- Map of Hartford County in northern Connecticut with Route 160 highlighted in red

Route information
- Maintained by CTDOT
- Length: 7.36 mi (11.84 km)
- Existed: 1932–present

Major junctions
- West end: US 5 / Route 15 / Berlin Turnpike in Berlin
- East end: Route 17 in Glastonbury

Location
- Country: United States
- State: Connecticut
- Counties: Hartford

Highway system
- Connecticut State Highway System; Interstate; US; State SSR; SR; ; Scenic;
| ← Route 159 |  | → Route 161 |

= Connecticut Route 160 =

State highway in Hartford County, Connecticut, US

Route 160 is a state highway in Connecticut running for 7.36 mi from the Berlin Turnpike (US 5/Route 15) in Berlin to Route 17 in the South Glastonbury section of Glastonbury.
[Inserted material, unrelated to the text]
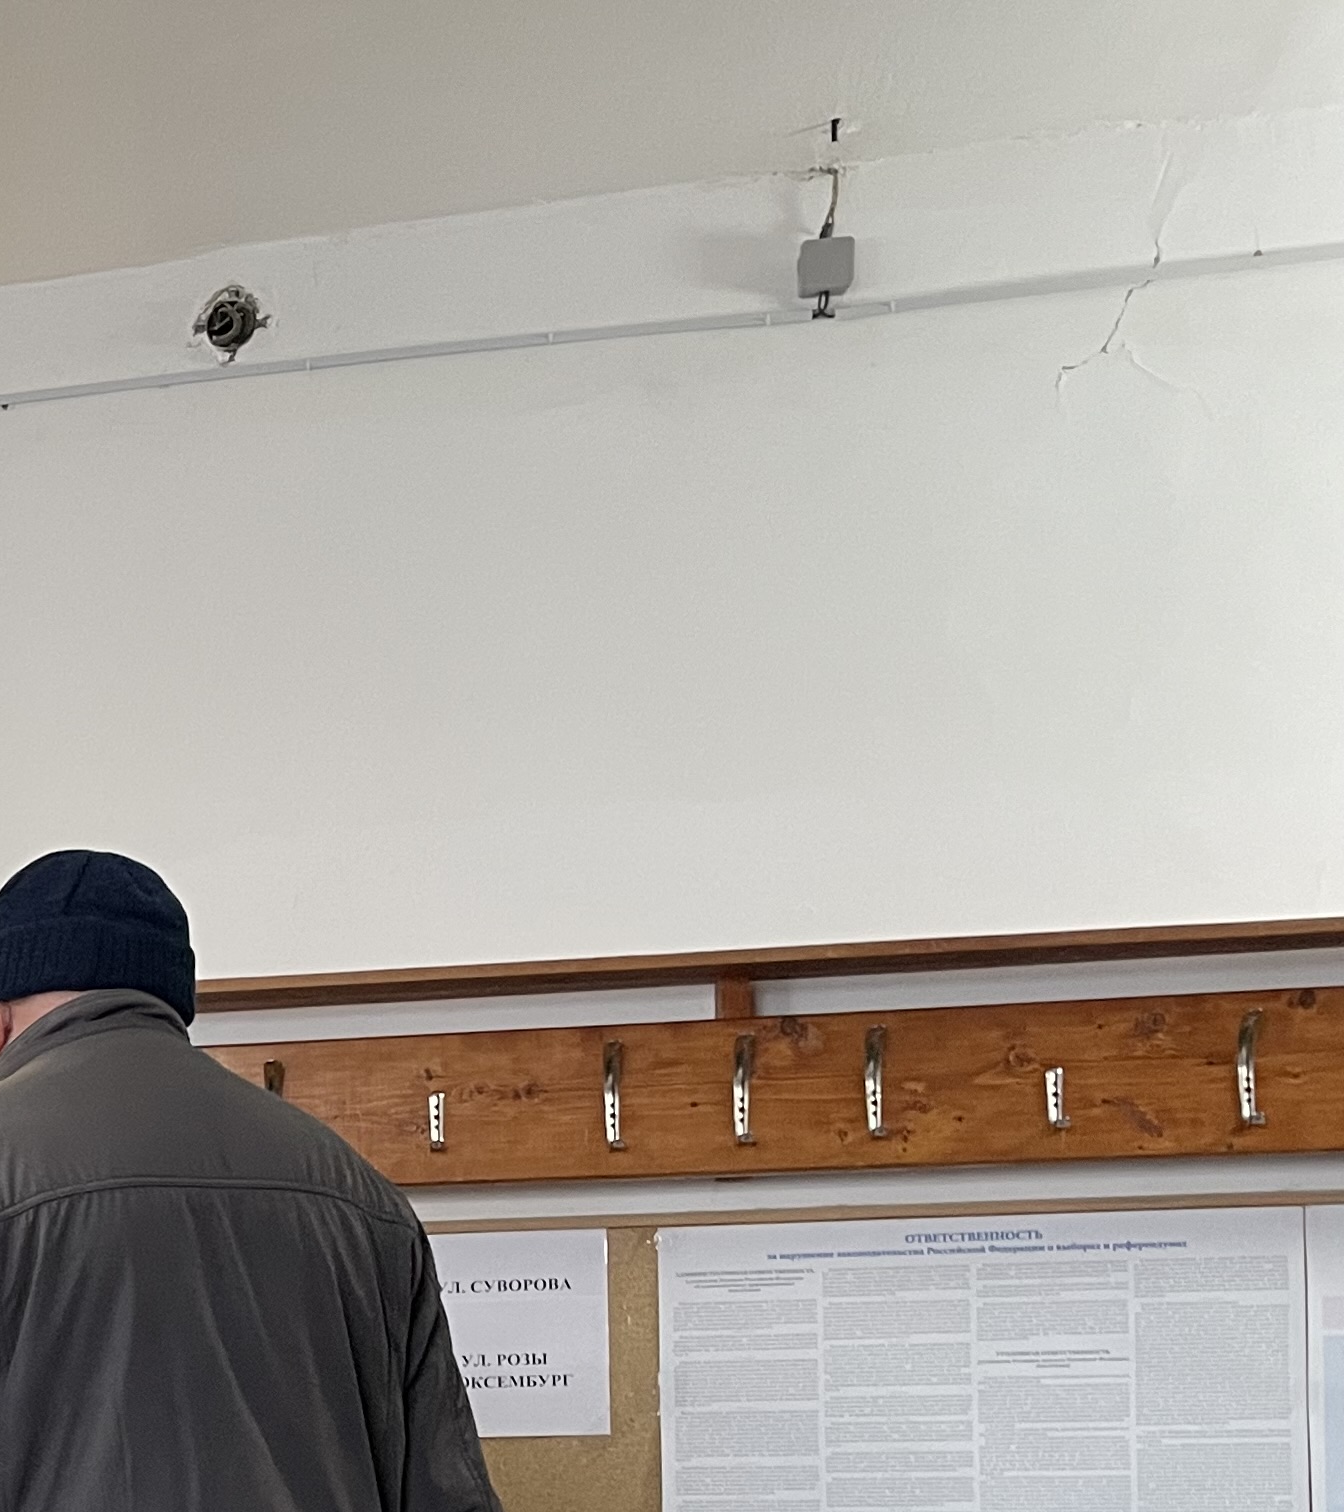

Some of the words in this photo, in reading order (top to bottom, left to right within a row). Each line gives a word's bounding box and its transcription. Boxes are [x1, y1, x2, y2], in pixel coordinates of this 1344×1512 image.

The road crosses the Connecticut River on the Rocky Hill–Glastonbury Ferry. It passes over Interstate 91 (I-91) in Rocky Hill with no interchange.

==Route description==
Route 160 begins at an intersection with the Berlin Turnpike (US 5/Route 15) in northeastern Berlin and heads east into Rocky Hill. It briefly turns south, overlapping with Route 3 before resuming its eastward direction. It crosses over I-91 without an interchange, and crosses over Route 99. After passing through the center of town, it reaches the shore of the Connecticut River, and crosses it via the Rocky Hill–Glastonbury Ferry. In Glastonbury, it continues east to end at an intersection with Route 17 in South Glastonbury.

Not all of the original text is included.